In 1790, George Washington signed a bill to protect the ideas of the people and laid the foundation of America’s patent system. However, almost as soon as it started, there were issues. One of the first well-known patented inventions was the cotton gin. The inventor, Eli Whitney, spent much of his time running from court to court trying to defend his patent. The time Whitney spent in court helped ensure this legendary machine wasn’t the cash cow he had hoped for. Some people argue that the patent office should be helping inventors rather than hindering them. But today, the “people” often being helped are not individual inventors but corporations.
Having intellectual property (IP) is important. Some companies even make employees sign legal contracts granting the company ownership of anything employees produce or conceptualize. Hack-a-Thons and Make-a-Thons are hosted by some of the same types of corporations, those that ask participants to sign away any ideas or inventions created at the event to the hosting company. Once you do this you have no more rights—or do you?
The law is fickle, but fortunately sometimes flexes in favor of the little guy. In the case of the employers making engineers sign away their brains, they tend to have hordes of lawyers that make fighting them difficult. However, at a Make-a-Thon it could be argued that a person pitched an idea in the public eye. Once presented to the public, the person might have already forfeited their right to patent the idea. Although this means the person might not have exclusive rights to it, it also means the corporation doesn’t either. Once in the public domain, the originator should be free to pursue their idea, along with everyone else.

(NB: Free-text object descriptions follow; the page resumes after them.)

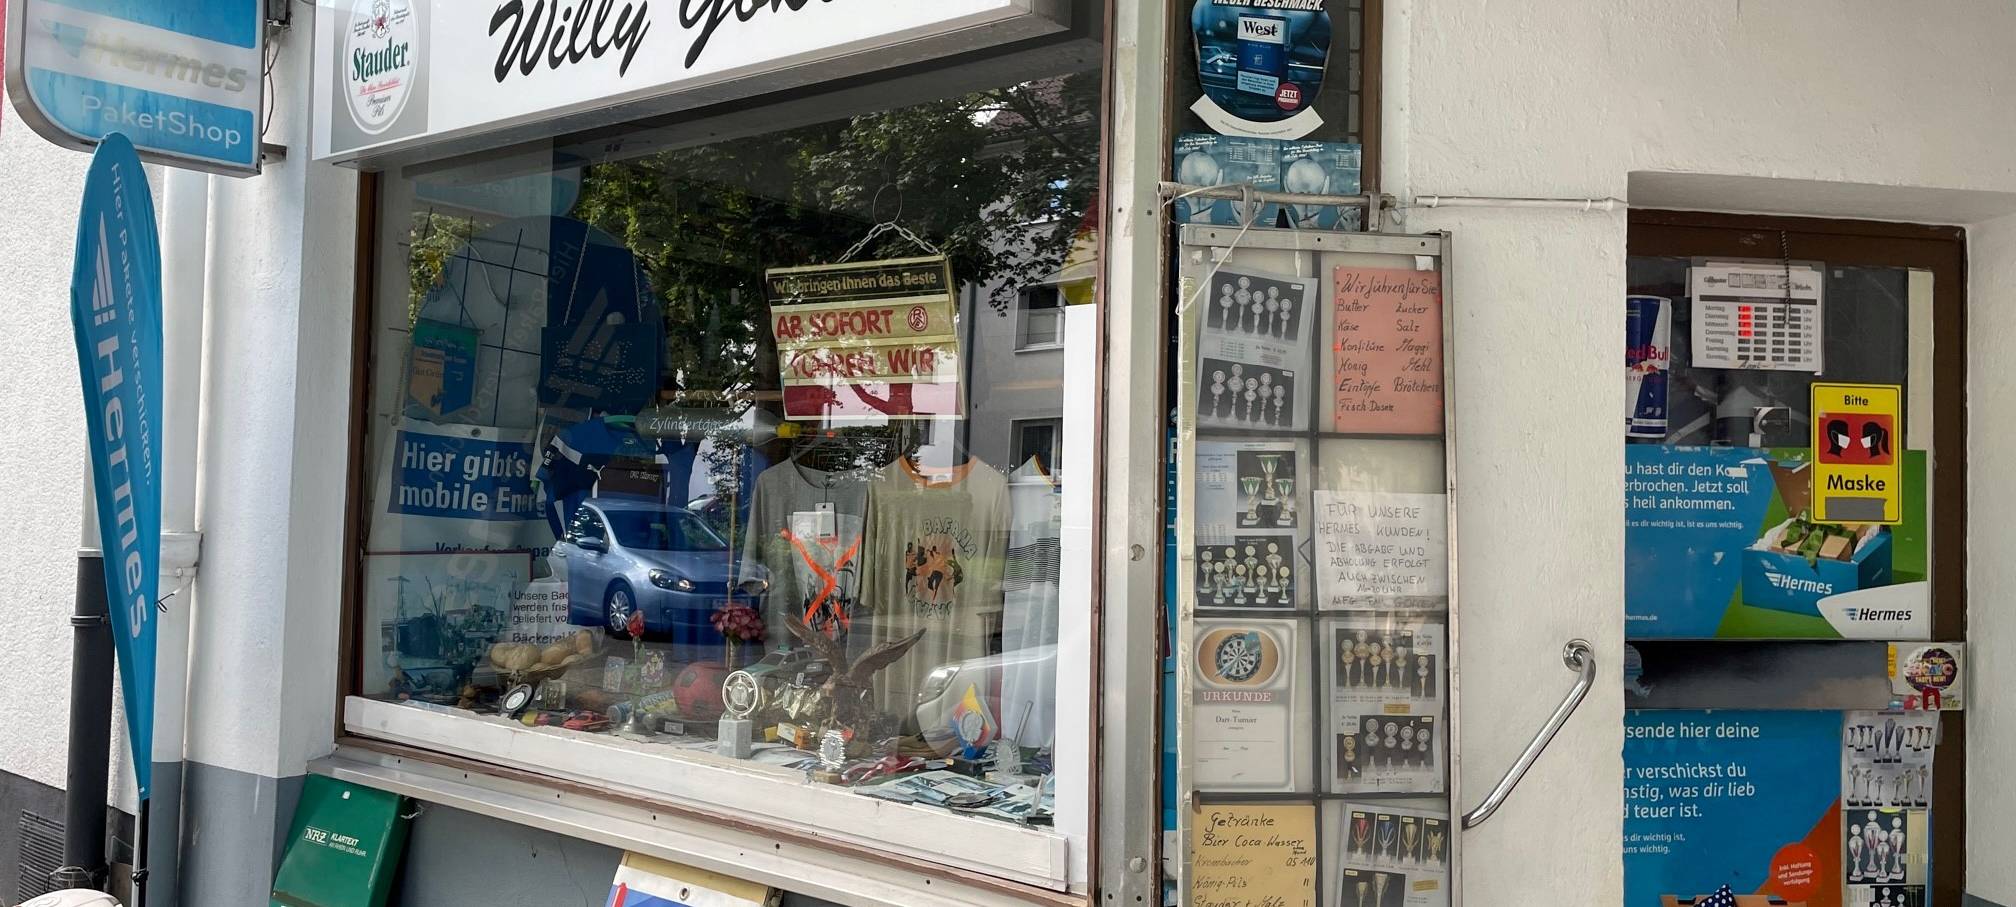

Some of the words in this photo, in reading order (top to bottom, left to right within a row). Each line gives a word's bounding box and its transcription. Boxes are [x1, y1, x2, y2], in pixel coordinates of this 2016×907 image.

[1243, 21, 1278, 36] West
[488, 0, 651, 83] Willy
[91, 27, 247, 93] Hermes
[353, 36, 408, 82] Stauder
[1280, 89, 1297, 98] JETZT
[81, 95, 241, 149] PaketShop
[842, 275, 877, 289] Ihnen
[880, 273, 900, 287] das
[1336, 299, 1370, 312] Butter
[111, 162, 124, 220] Hier
[120, 232, 135, 327] Pakete
[129, 332, 151, 486] verschicken.
[1396, 319, 1420, 332] Salz
[1844, 395, 1869, 406] Bitte
[400, 440, 456, 474] Hier
[463, 451, 527, 483] gibt's
[1636, 461, 1665, 475] hast
[1668, 462, 1685, 475] dir
[1688, 463, 1712, 476] den
[97, 335, 148, 639] Hermes
[1624, 479, 1689, 492] erbrochen.
[1692, 480, 1723, 493] Jetzt
[1726, 480, 1749, 494] soll
[1827, 474, 1886, 491] Maske
[399, 480, 488, 513] mobile
[1633, 496, 1656, 509] heil
[1660, 497, 1736, 510] ankommen.
[1368, 506, 1421, 518] UNSERE
[1326, 541, 1346, 552] DIE
[1400, 546, 1424, 556] UND
[1384, 558, 1430, 568] ERFOLGT
[1781, 574, 1833, 595] Hermes
[514, 591, 548, 601] Unsere
[513, 602, 548, 612] werden
[512, 613, 552, 625] geliefert
[1859, 608, 1912, 622] Hermes
[1202, 691, 1272, 702] URKUNDE
[1625, 722, 1675, 738] sende
[1679, 722, 1711, 738] hier
[1715, 722, 1760, 738] deine
[1636, 763, 1723, 779] verschickst
[1727, 762, 1746, 777] du
[1624, 784, 1664, 801] nstig,
[1668, 786, 1699, 798] was
[1703, 783, 1724, 798] dir
[1727, 782, 1755, 797] lieb
[1634, 805, 1676, 818] teuer
[1679, 803, 1703, 818] ist.
[1205, 812, 1275, 833] Getränke
[330, 833, 359, 846] KLARTEXT
[1202, 832, 1229, 847] Bier
[1630, 832, 1641, 842] dir
[1643, 832, 1672, 844] wichtig
[1640, 844, 1671, 855] wichtig.

Some companies may not defend their IP if it isn’t profitable enough. A judge may draw lines in favor of the idea’s creator if the company only started to defend its IP after the originator showed that there was a valuable interested market. In addition, a judge may dictate who can sell or develop the idea to specific regions depending on the terms of any original documents signed.

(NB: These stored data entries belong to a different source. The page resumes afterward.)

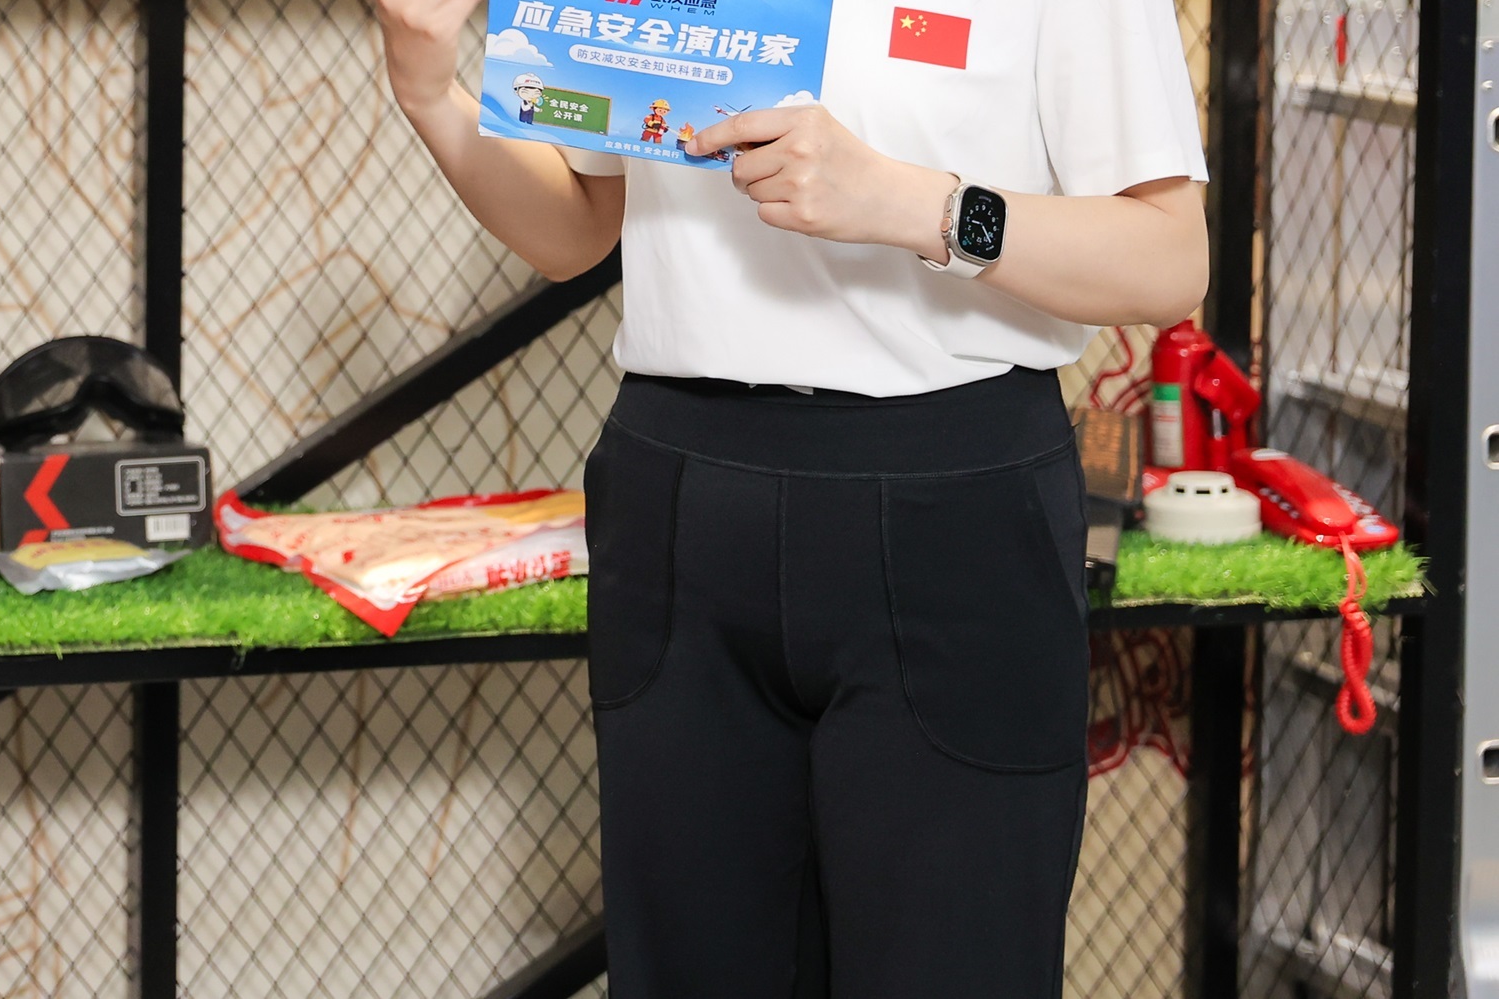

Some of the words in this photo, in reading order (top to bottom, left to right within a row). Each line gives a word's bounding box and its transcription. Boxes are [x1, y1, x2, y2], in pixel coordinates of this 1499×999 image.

[650, 3, 715, 16] WHEM
[511, 0, 800, 67] 应急安全演说家
[576, 48, 729, 82] 防灾减灾安全知识科普直播
[549, 99, 589, 112] 全民安全
[553, 110, 583, 122] 公开课
[644, 146, 679, 159] 安全同行

Long story short, if you develop an original idea, despite what some corporation tells you, the law might bend to let you continue developing your idea in some form. A person or company has to defend their patent or paper work. So even if you signed a contract, it doesn’t necessarily mean you’ve signed your ownership away. If you are the original idea creator and you’ve developed it, there may be some legal wiggle room if a company tries to claim ownership. I for one have always said it is better to ask for forgiveness than get permission.
Expensive court proceedings have some companies embracing an open-source or hybrid system. Often companies agree to some licensing, or rules, realizing that working together is better than fighting in court. Other companies skip all of this, letting developers use a company’s ideas while retaining some IP. Android is a good example of a hybrid system. Android has IP, but lets developers tinker with the technology. As long as they follow certain rules, Android seems content to not pursue legal action to defend its IP.